## ACTIVITY
The task calls for an exact copy of the records, without any images.

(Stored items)
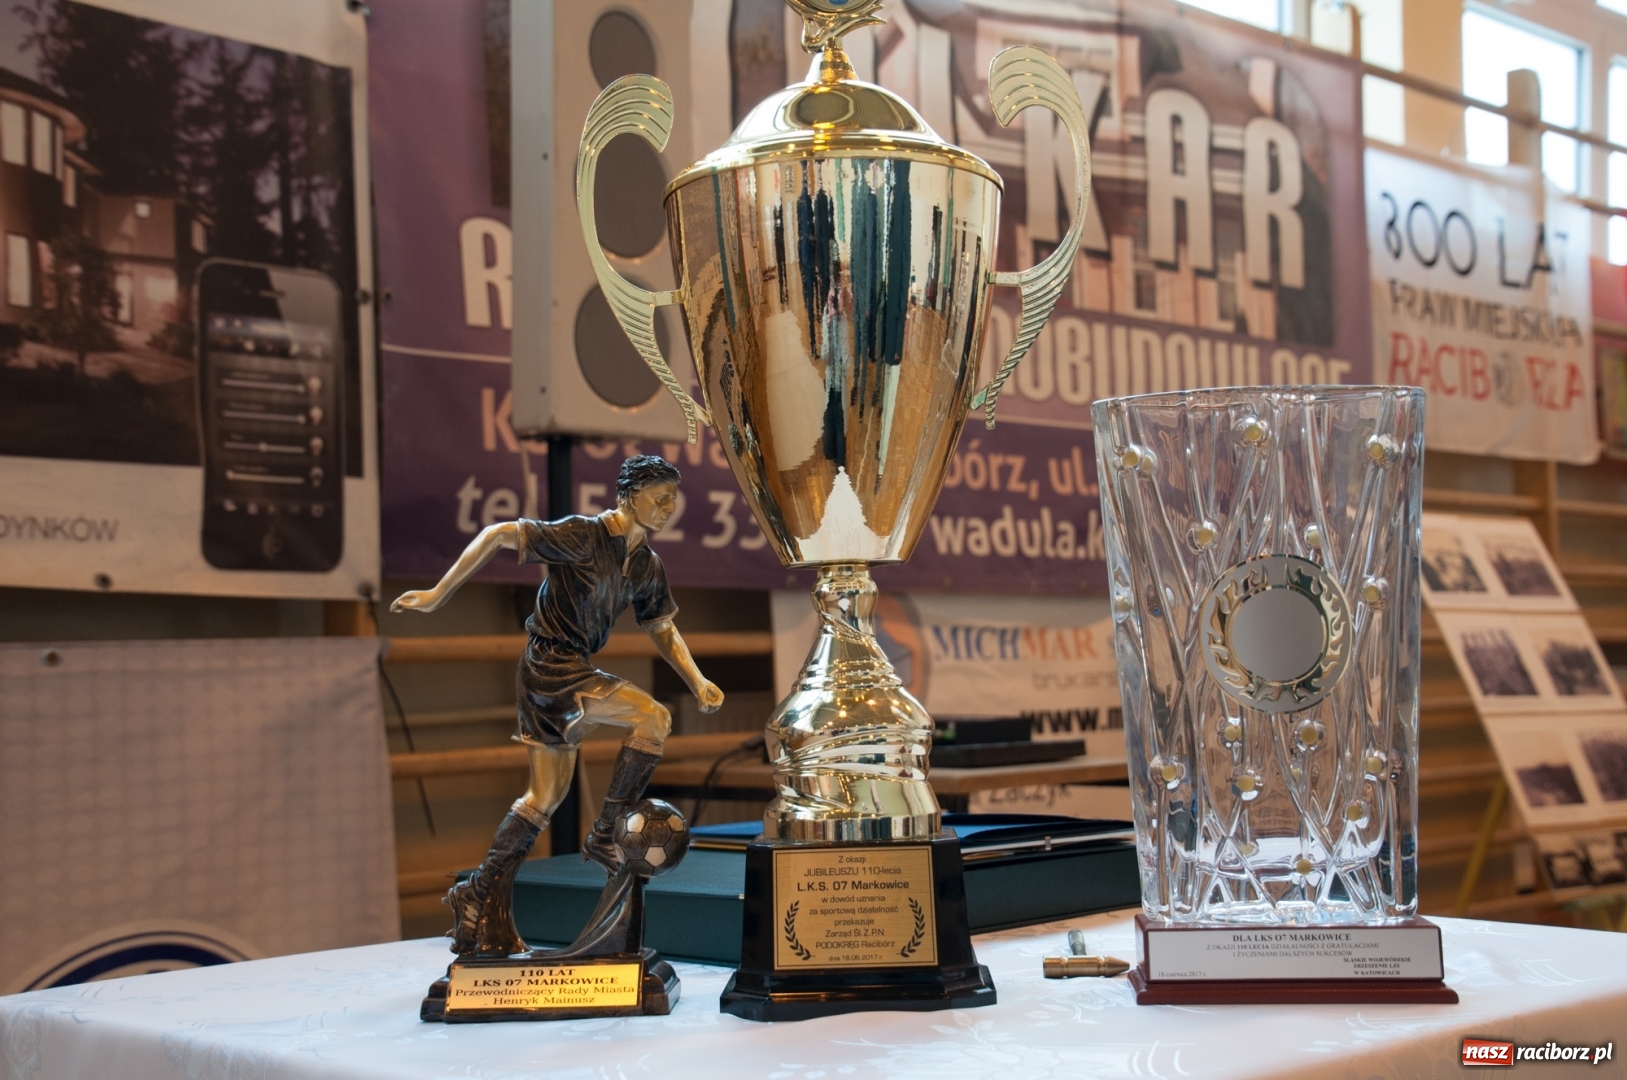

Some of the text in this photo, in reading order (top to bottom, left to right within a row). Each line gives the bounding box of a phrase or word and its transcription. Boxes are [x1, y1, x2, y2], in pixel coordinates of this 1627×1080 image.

[932, 624, 1099, 661] MICHMAR
[838, 855, 867, 865] Z okazji
[804, 867, 859, 877] JUBILEUSZU
[797, 879, 910, 892] L.K.S. 07 Markowice
[829, 894, 855, 903] dowód
[856, 894, 886, 903] uznania
[819, 906, 856, 917] sportową
[857, 905, 900, 915] działalność
[834, 917, 875, 927] przekazuje
[825, 929, 852, 939] Zarząd
[1232, 934, 1252, 942] DLA
[1254, 934, 1273, 942] LKS
[1288, 933, 1352, 941] MARKOWICE
[815, 939, 895, 950] PODOKRĘG Racibórz
[1270, 942, 1320, 950] DZIAŁALNOŚCI
[842, 953, 878, 961] 18.06.2017
[1315, 949, 1353, 957] SUKCESÓW
[519, 968, 576, 977] 110 LAT
[473, 979, 501, 987] LKS
[526, 977, 619, 986] MARKOWICE
[455, 985, 635, 997] Przewodniczący Rady Miasta
[493, 995, 596, 1006] Henryk Mainusz
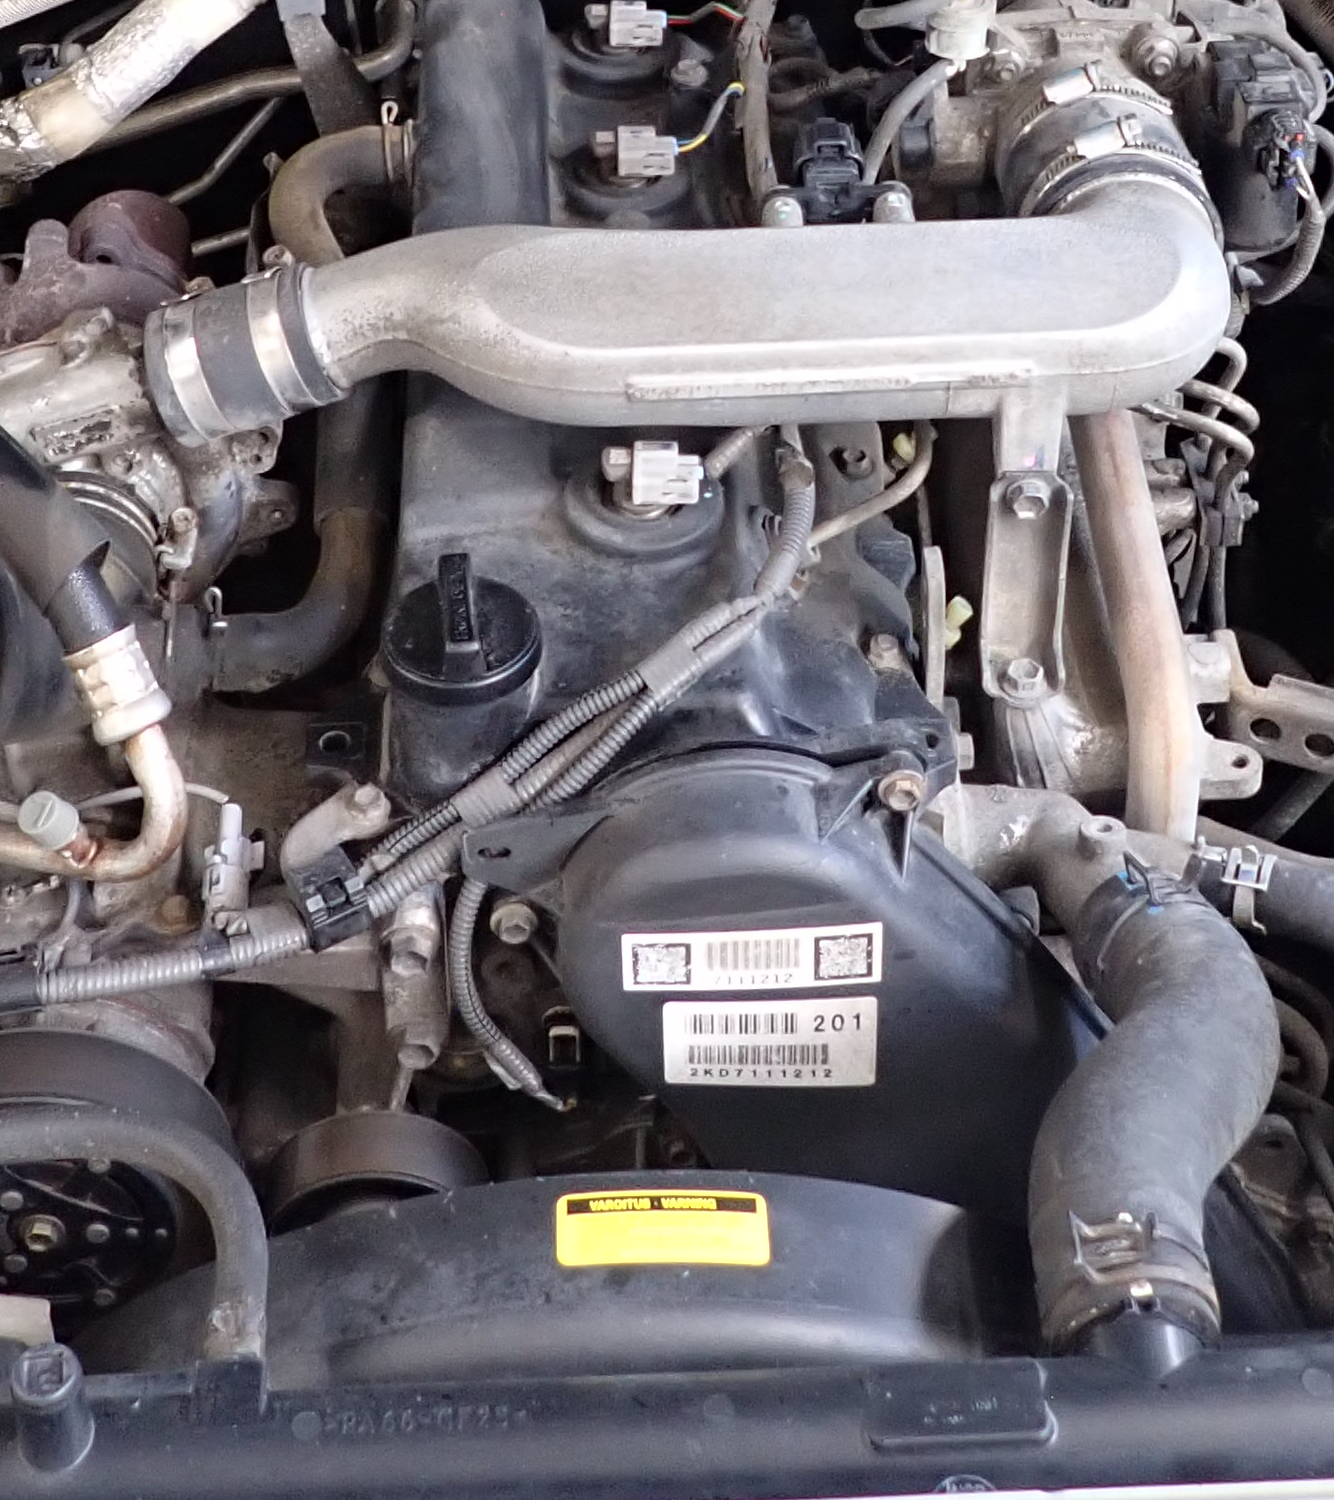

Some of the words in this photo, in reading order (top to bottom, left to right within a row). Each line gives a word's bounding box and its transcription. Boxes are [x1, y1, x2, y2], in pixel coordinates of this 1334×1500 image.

[813, 1012, 863, 1033] 201
[689, 1067, 833, 1079] 2KD7111212
[589, 1197, 652, 1212] VAROITUS
[660, 1197, 718, 1210] VARNING
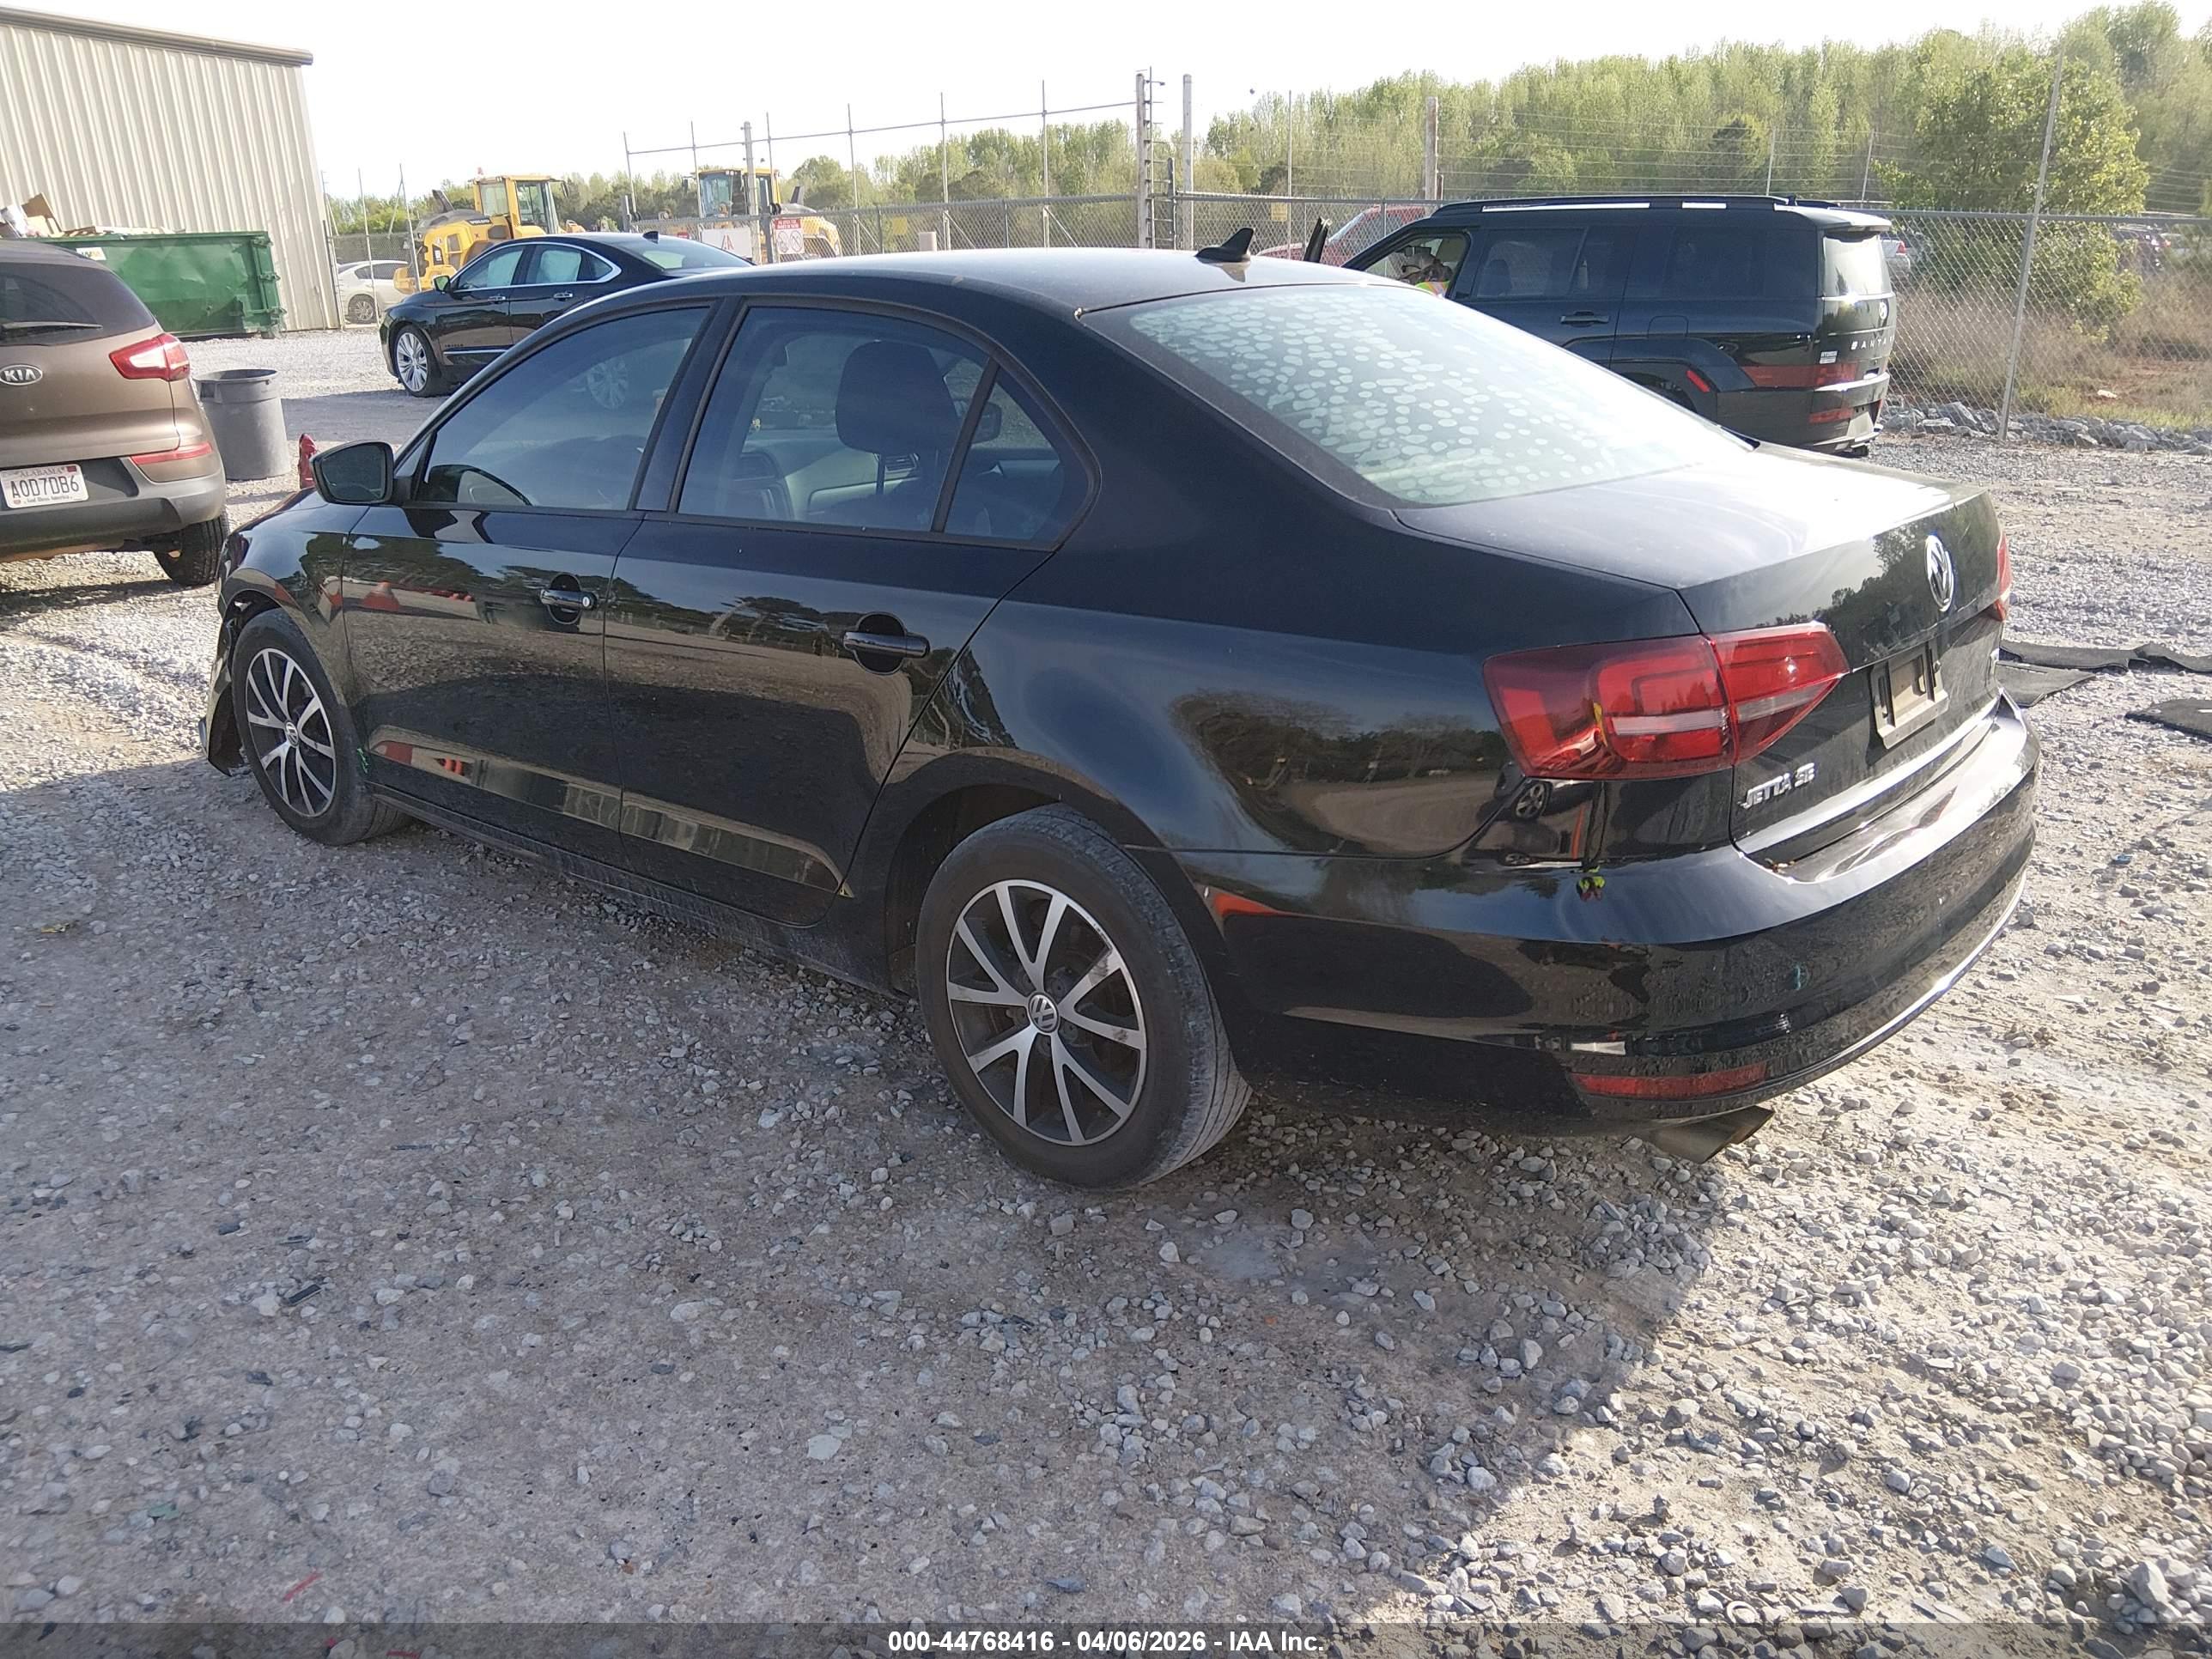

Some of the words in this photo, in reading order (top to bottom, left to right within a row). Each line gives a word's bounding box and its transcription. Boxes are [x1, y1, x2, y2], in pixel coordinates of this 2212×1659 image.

[3, 369, 36, 381] KIA
[20, 467, 63, 477] ALABAMA
[1736, 773, 1792, 810] JETTA
[1795, 763, 1815, 787] SE

## WRITTEN ANSWER
Some of the text in this photo, in reading order (top to bottom, left to right within a row). Each line gives the bounding box of a phrase or word and its transcription. Boxes are [x1, y1, x2, y2], in pixel coordinates of this 1627×1080 image.

[932, 624, 1099, 661] MICHMAR
[838, 855, 867, 865] Z okazji
[804, 867, 859, 877] JUBILEUSZU
[797, 879, 910, 892] L.K.S. 07 Markowice
[829, 894, 855, 903] dowód
[856, 894, 886, 903] uznania
[819, 906, 856, 917] sportową
[857, 905, 900, 915] działalność
[834, 917, 875, 927] przekazuje
[825, 929, 852, 939] Zarząd
[1232, 934, 1252, 942] DLA
[1254, 934, 1273, 942] LKS
[1288, 933, 1352, 941] MARKOWICE
[815, 939, 895, 950] PODOKRĘG Racibórz
[1270, 942, 1320, 950] DZIAŁALNOŚCI
[842, 953, 878, 961] 18.06.2017
[1315, 949, 1353, 957] SUKCESÓW
[519, 968, 576, 977] 110 LAT
[473, 979, 501, 987] LKS
[526, 977, 619, 986] MARKOWICE
[455, 985, 635, 997] Przewodniczący Rady Miasta
[493, 995, 596, 1006] Henryk Mainusz

Some of the words in this photo, in reading order (top to bottom, left to right within a row). Each line gives a word's bounding box and its transcription. Boxes are [x1, y1, x2, y2], in pixel coordinates of this 1334×1500 image.

[813, 1012, 863, 1033] 201
[689, 1067, 833, 1079] 2KD7111212
[589, 1197, 652, 1212] VAROITUS
[660, 1197, 718, 1210] VARNING

Some of the words in this photo, in reading order (top to bottom, left to right within a row). Each line gives a word's bounding box and its transcription. Boxes are [x1, y1, x2, y2], in pixel coordinates of this 2212×1659 image.

[3, 369, 36, 381] KIA
[20, 467, 63, 477] ALABAMA
[1736, 773, 1792, 810] JETTA
[1795, 763, 1815, 787] SE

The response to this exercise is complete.